Так что в тот момент, когда Паша Козырев, сидючи на заблеванной скамеечке на Дальневосточном, вел наблюдение за выходом объектов и про себя цитировал мантру из Чуковского («они сидят и бредят – ну что же он не едет?»), подчиненные Есаулова уже подтягивались на чрезвычайную сходку в его кабинет. То, что рано или поздно проверяющие все равно должны были нагрянуть, – это раз. А испугать подобную компанию неполным служебным соответствием было делом неосуществимым – это два. Посему, узнав о «ревизии», в кабинет вваливались расхлябанно.
– Подтянулись!.. Поживее! – нервно захлопал в ладоши заместитель Макса, Олег Торопов. – Миша, с каких щей без рубашки? Баню с вахтой перепутал?
– А я вот вычислю, какая сволочь «поганки» в туалете устанавливает! – погрозил Миша Иванов всем, уже сидящим в кабинете. – Николаеч, чес-слово, дурпсих какой-то! Открываю дверь в гальюн, а на меня полтора литра прошлогодней «Балтики» высыпается! Я же документ залил! Отдельное поручение ну очень независимого следствия!
– А ты пошто с протоколом туда направился? – поинтересовался под общий смех Сережа Махно.
– Не такое уж и прошлогоднее, – заслоняя ладонью улыбающийся рот, шепнул ему Егор. – С восьмого марта настаивалось, под стол закатимшись.
– Да ну вас к лешему! – обиженно отмахнулся Иванов.
– Нет, ты протокольчик-то подмоченный людям предъяви! Или он того, по назначению?… – подтрунивал Махно.
– Хорош базарить! – унял подчиненных Есаулов. – Мишка, да прикрой ты чем-нибудь свои надписи!
– Макс, а ты ходи теперь за мной, объясняй: дескать, по молодости со шпаной водились… – начал нервничать Миша от порядком надоевшей темы о наколке. На левом плече у него было каллиграфически выведено: «На луне водки нет».
– Черт с тобой.
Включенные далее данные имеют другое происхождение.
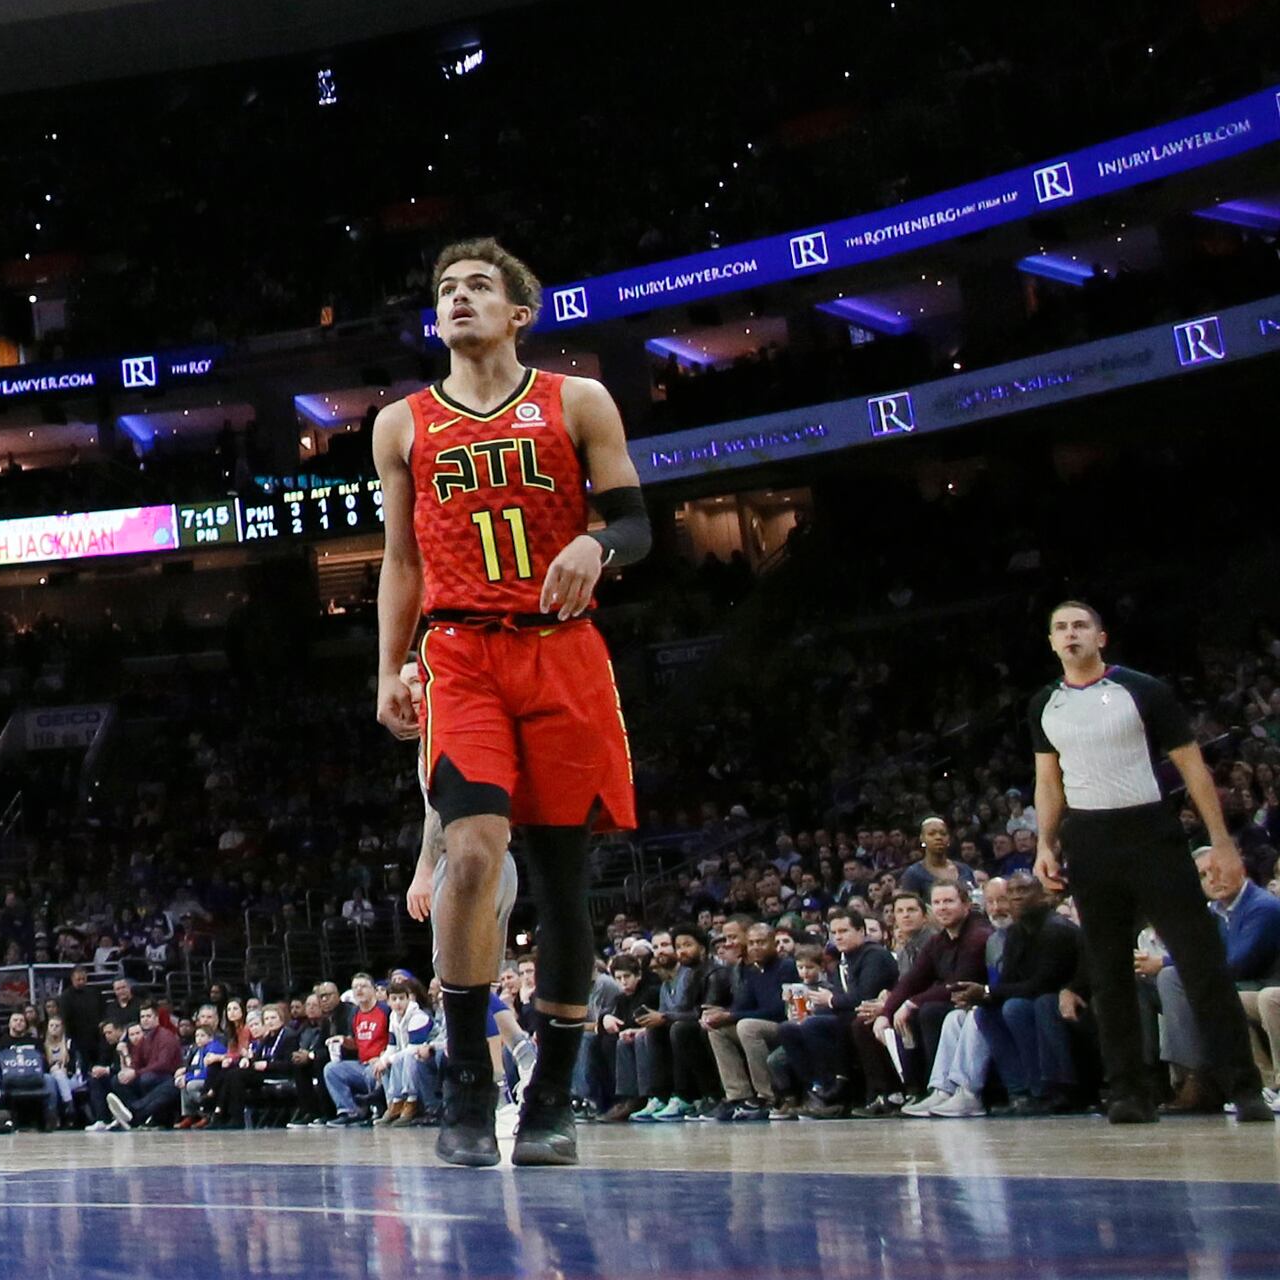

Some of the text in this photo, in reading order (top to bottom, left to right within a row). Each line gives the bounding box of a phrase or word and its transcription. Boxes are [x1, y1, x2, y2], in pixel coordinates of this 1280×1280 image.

[863, 207, 956, 246] ROTHENBERG
[431, 436, 556, 504] ATL
[180, 506, 230, 529] 7:15
[245, 504, 275, 523] PHI
[290, 501, 301, 517] 3
[318, 497, 328, 513] 1
[344, 494, 357, 510] 0
[195, 527, 220, 543] PM
[245, 521, 279, 540] ATL
[291, 518, 303, 534] 2
[319, 514, 330, 530] 1
[346, 510, 358, 527] 0
[15, 527, 117, 558] JACKMAN
[471, 505, 534, 583] 11
Олег, раздай указания, как будем заметать следы перед нашествием «штабной культуры». Иначе до утра прогогочем, – распорядился начальник, совершенно вымотанный сначала утренней беседой с Ладониным, а затем еще и срочным вызовом на не персидский, но ковер.
Торопов раскрыл ежедневник с наметками плана и исполнителей:
– В общем, тезисно так накидал… корректировка по ходу пьесы. Народ, только не перебивать!
– Кстати, Хабаров завтра выйти обещал. Звонил. Говорит, гипс с левой руки клещами понадкусывал, – немного непонятно среагировал на слова зама Махно.